We are particularly happy to be featuring a special panel on Thinking about Digital Comics through Practice which will bring together four speakers who navigate the traditionnally wide spectrum between practice and theory – ranging from a researcher practising comics as scholarship, to two hybrid practicioners who co-mingle theory and practice in a feedback loop, to a graphic artist with a keen eye for self-theorizing.
- Nicolas Labarre is Associate Professor at the Université Bordeaux-Montaigne and he has been interested in how to make comics as scholarship, that is how to produce scientific discourse in the form of comics. Through his research blog Picturing it!, he is publishing his own reflections on the process and stakes of drawing an ‘academic comics.’ At the conference, he won’t so much present his own production as much as analyze various cases of ‘comics as scholarship’ and how these are framed in terms of genre, users and interpretative communities. His blog features an interview about the University of Florida’s Sequentials project, which will feed into the presentation.
- Anthony Rageul‘s approach to digital comics was, from scratch, weaved in with an academic framework: for his master thesis, he designed the digital comic Prise de tête, which received a large echo in the comics world, marking a significant point in the development of French digital comics. While completing a PhD thesis on digital comics at the Université Rennes 2, he simultaneously realized several works hosted on various platforms. Often subtitled “bande dessinée interactive,” his comics aim at fully taking advantage of the interactivity of digital comics. In his talk, he will highlight the relationship between coding and interface in the creation of digital comics and the importance of the stage of designing the interface in shaping up the narrative told.

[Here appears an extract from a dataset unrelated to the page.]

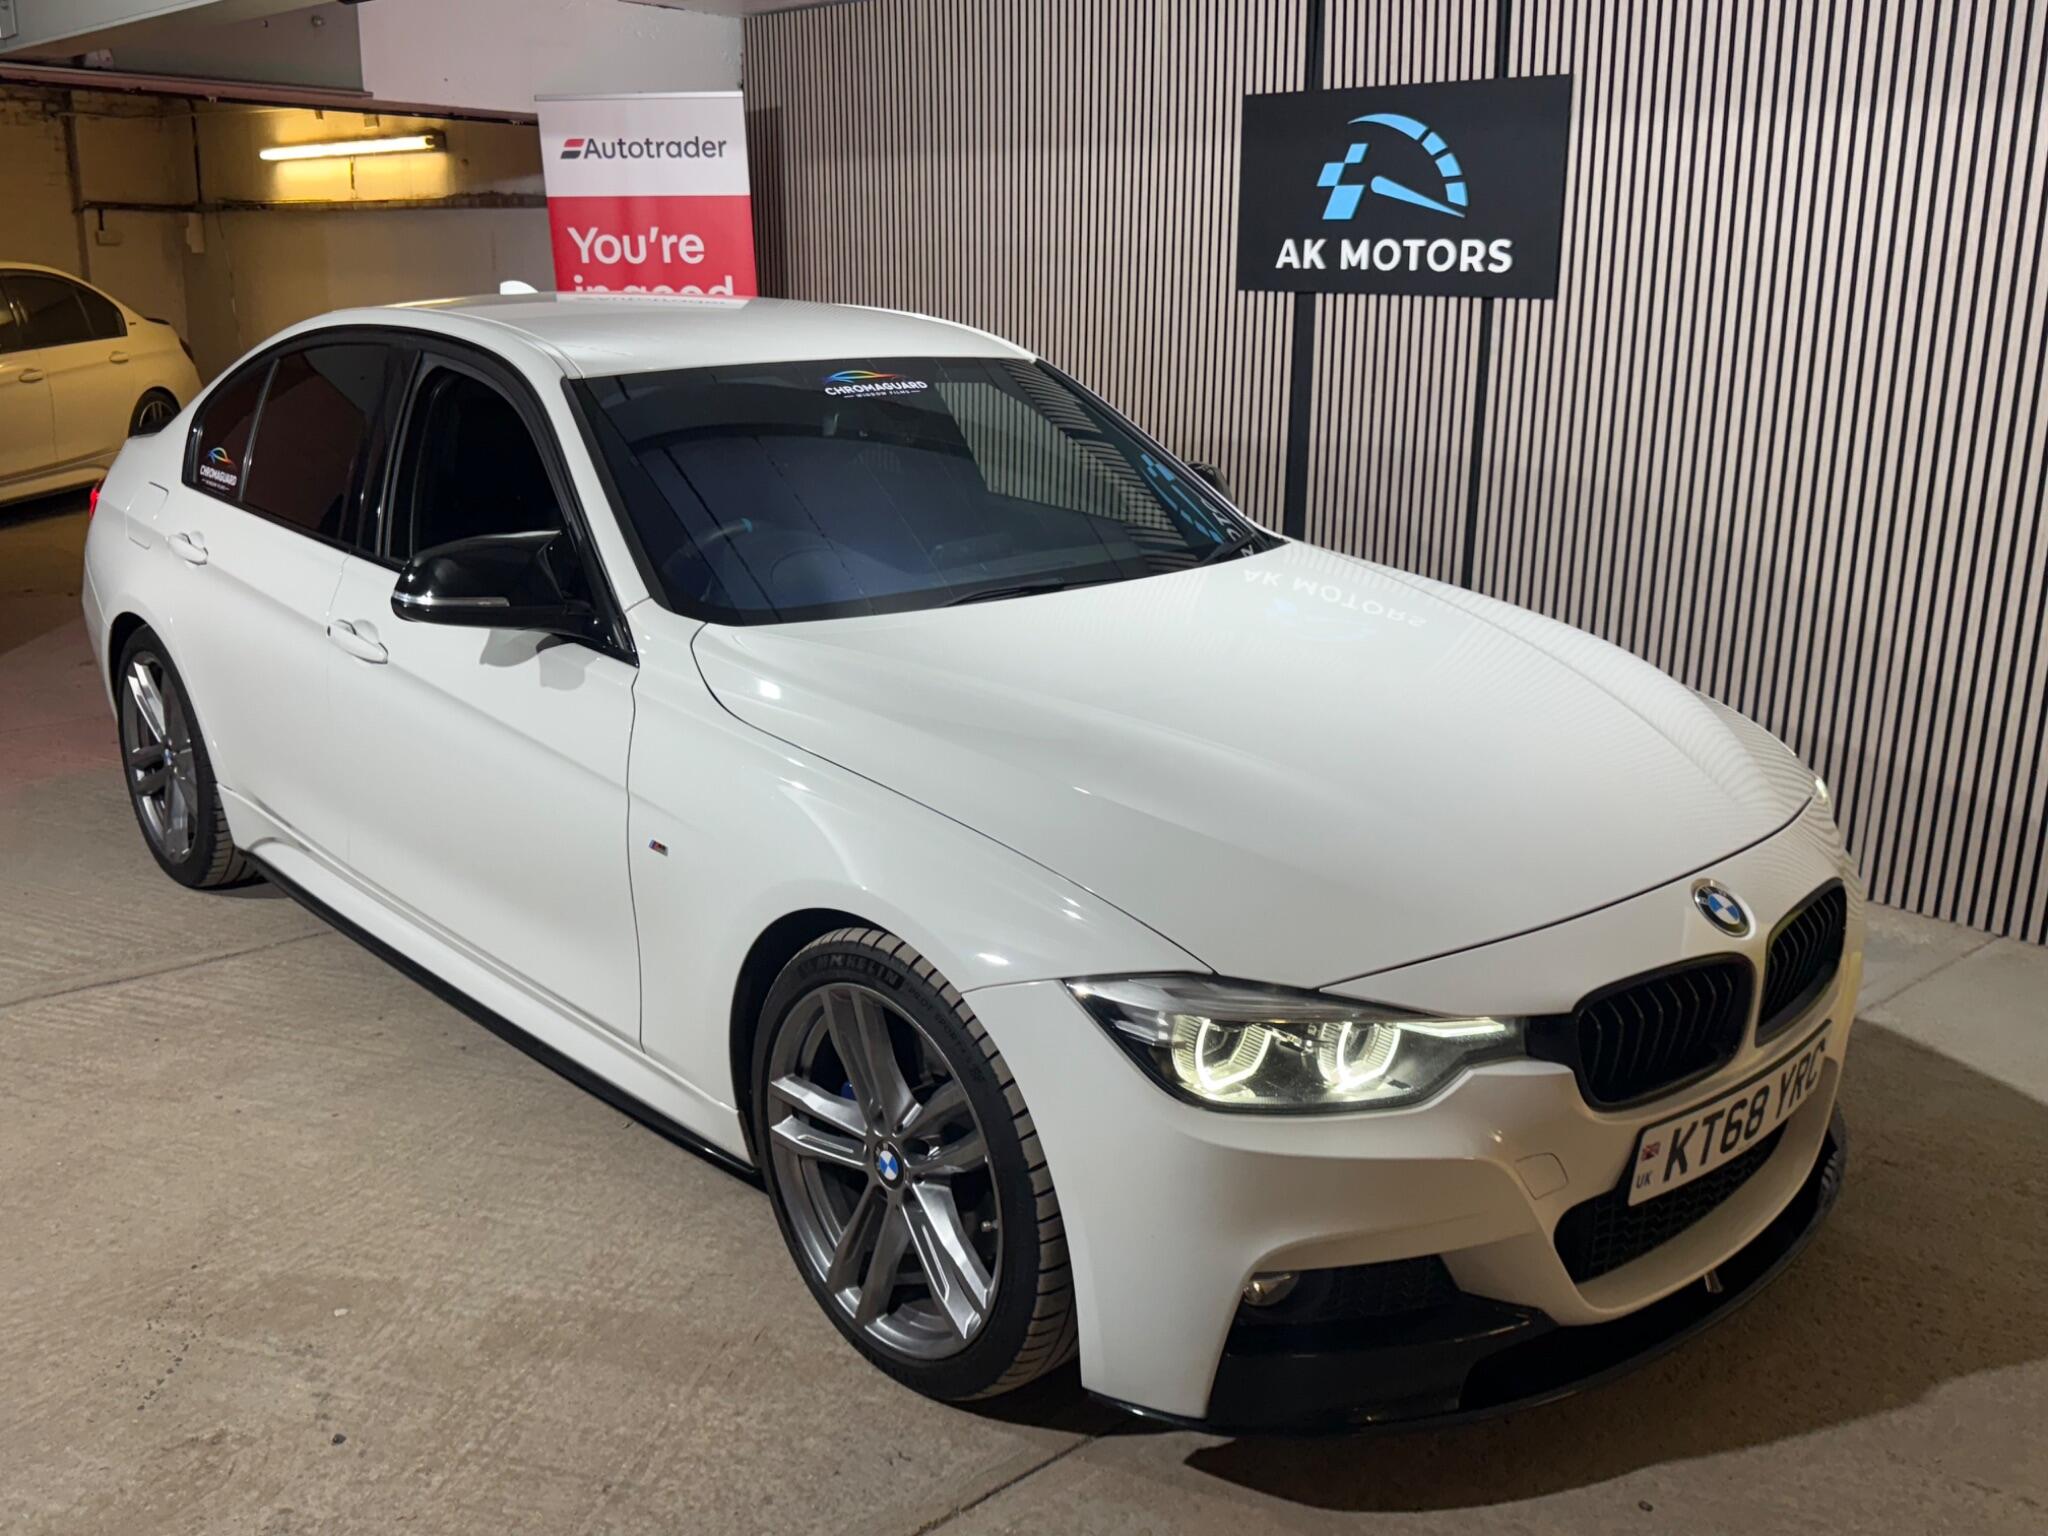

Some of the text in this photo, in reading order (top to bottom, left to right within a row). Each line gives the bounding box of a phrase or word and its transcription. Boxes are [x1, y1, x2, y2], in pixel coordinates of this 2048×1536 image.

- Daniel Merlin Goodbrey, comics artist and new media lecturer at the University of Hertfordshire, is undoubtedly the British counterpart of Rageul. A prolific and innovative comic creator, Goodbrey has gained international recognition as a leading expert in the field of experimental digital comics. His hypercomic work received the International Clickburg Webcomic Award in Holland in 2006 while his work in print was awarded with the Isotope Award for Excellence In Comics in San Francisco in 2005. His smartphone app, A Duck Has an Adventure was shortlisted in the 2012 New Media Writing Prize. Academic-wise he wrote numerous articles on digital comics and co-edited a special issue of MeCCSA on digital comics.

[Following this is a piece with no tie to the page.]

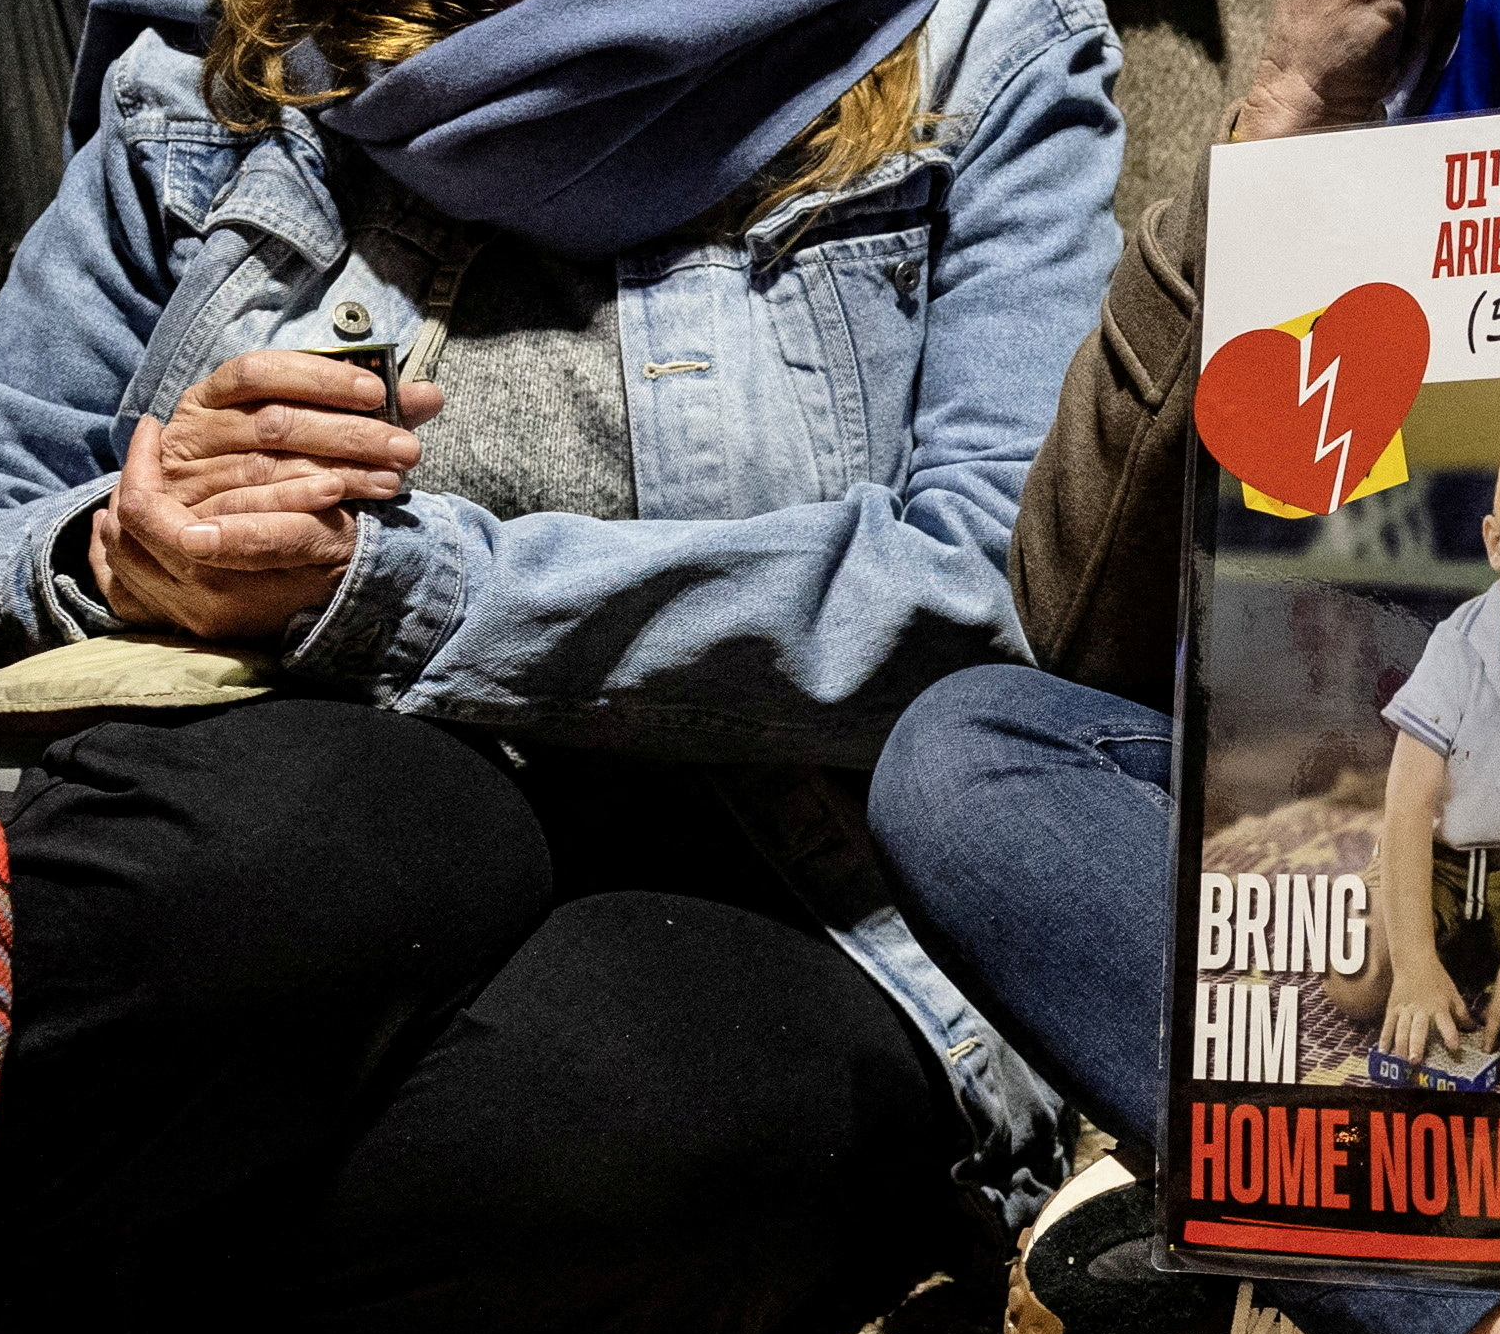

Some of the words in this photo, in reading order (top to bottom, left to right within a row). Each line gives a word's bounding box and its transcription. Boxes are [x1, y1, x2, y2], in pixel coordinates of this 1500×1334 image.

[1198, 871, 1369, 976] BRING
[1192, 981, 1300, 1086] HIM
[1190, 1101, 1351, 1211] HOME

- Yannis LaMacchia is a Swiss comics artist living in Lyon. He has been particularly involved with the Hécatombe publishing collective, which distinctively pursues alternate ways of making books exploring their materiality in a way that brings comics close to the field of artists’ books. Following these ideas, LaMacchia has come up with the idea of a “Fanzine carré” that literally is a cube of equal proportions, which led him to rethink the whole production process because of the challenges posed by its feasibility. With his Racontars project, he has been experimenting with new ways of narrative and seriality that is partly based on reader feedback and suggestions. Readers are indeed invited to post their own “racontars” (French for gossip) with which LaMacchia then improvises his fragmented stories.